Der Kollege Keller und ich dürfen die MEGA Drive Ultimate Collection in Augenschein nehmen. Er für die XBox 360, ich für die PlayStation 3. SEGA hat sich, soviel kann ich schon verraten, zumindest ein bisschen Mühe gegeben. Hier läuft kein emulierter Titel, sondern eine Umsetzung. Jedes einzelne Spiel ermöglicht Spielstände abzuspeichern, an jeder Position im Spiel. Das ist natürlich ein wenig wie cheaten, weil man mit Cheatmodulen früher auch Spiele einfrieren konnte.
Es gibt Zusatzinhalte, wie Interviews aber auch weitere Spiele, die man erst freispielen muss. Bei den Extras wird angezeigt, welche Leistung vom Spieler erbracht werden muss, damit man an den Bonus heran kommt. So weit so gut.

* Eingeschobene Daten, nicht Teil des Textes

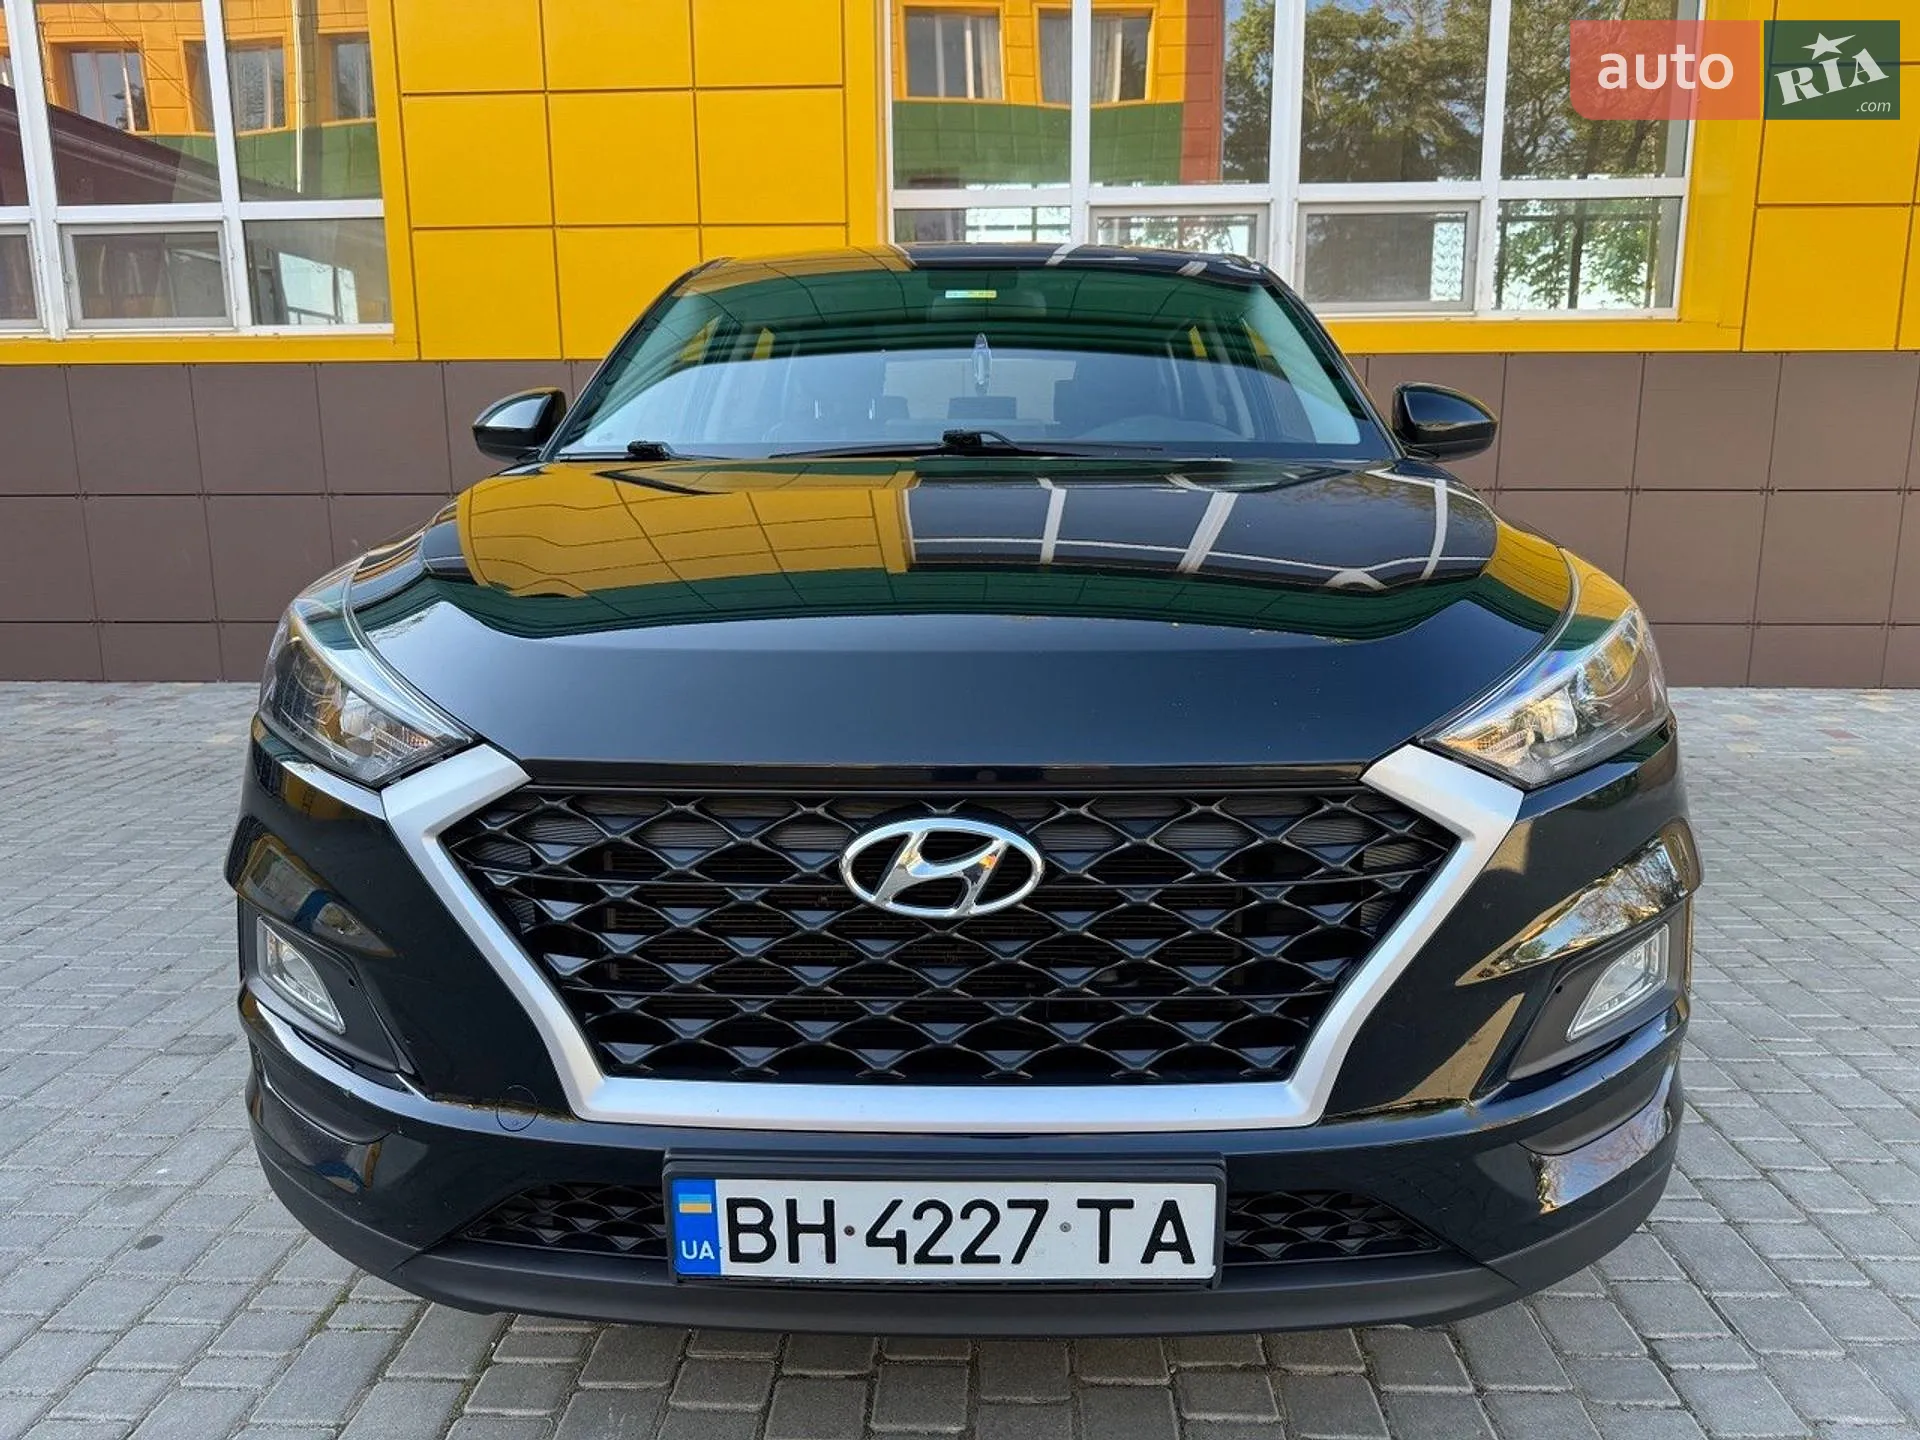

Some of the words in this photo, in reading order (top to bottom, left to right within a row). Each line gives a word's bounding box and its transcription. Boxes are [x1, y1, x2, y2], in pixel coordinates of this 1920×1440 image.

[681, 1240, 715, 1260] UA
[726, 1198, 836, 1265] BH
[864, 1198, 1049, 1265] 4227
[1077, 1198, 1195, 1265] TA

Doch wenn es bei Beat ‘em Ups heißt, dass mit den normalen Gamepads nichts zu holen ist, weil die Steuerung viel zu schwammig ist. Nun, dann kann man Videospielredakteure durch die Bank dabei beobachten, wie sie in ihren Tests zu Protokoll geben, dass Umsetzungen von alten Konsolen in dem Stil wie sie uns hier mit der Ultimate Collection vorliegen, ein großes Problem haben – die schwammige und ungenaue Steuerung. Die Technik in den NES, SNES, Mega Drive und schieß mich tot-Gamepads war eine andere. Die Sensibilität der PS3- oder XBox-Controller ist unberücksichtigt geblieben, man hat die Spiele nicht genau genug darauf eingestellt. So etwas nennt man gewöhnlich einen Fehler im Detail, doch dieser hat, vor allem bei den Plattform-Spielen in der Ultimate Collection, und davon gibt es nicht wenige, ernorme Auswirkungen. Ich hab Sonic auch für’s Game Gear hier liegen, und der Igel hüpft natürlich, wie das Steuerkreuz es befiehlt. Grundsätzlich ist das jetzt an der Nextgen-Konsole anders. Denn der Igel springt viel weiter, weil die Bewegungsimpulse wesentlich zu lang interpretiert werden. Ich muss beim Sprung auf bewegliche Plattformen schon im Flug in die Gegenrichtung steuern. Ansonsten lande ich in der gespickten Grube und entfleuche in den Game Over-Himmel, schneller als mir lieb ist. Das ist bei Alex Kidd, und den vielen weiteren Jump and Runs in der Sammlung nicht anders.
Was ich außerdem schade finde, dass der Kollege Keller ein richtiges Spielecase erhalten hat, wohl mit dem Aufdruck Press Material. Ich wurde hingegen nur mit einem Maxi-Jewelcase versorgt, wie man auf dem Foto erkennen kann.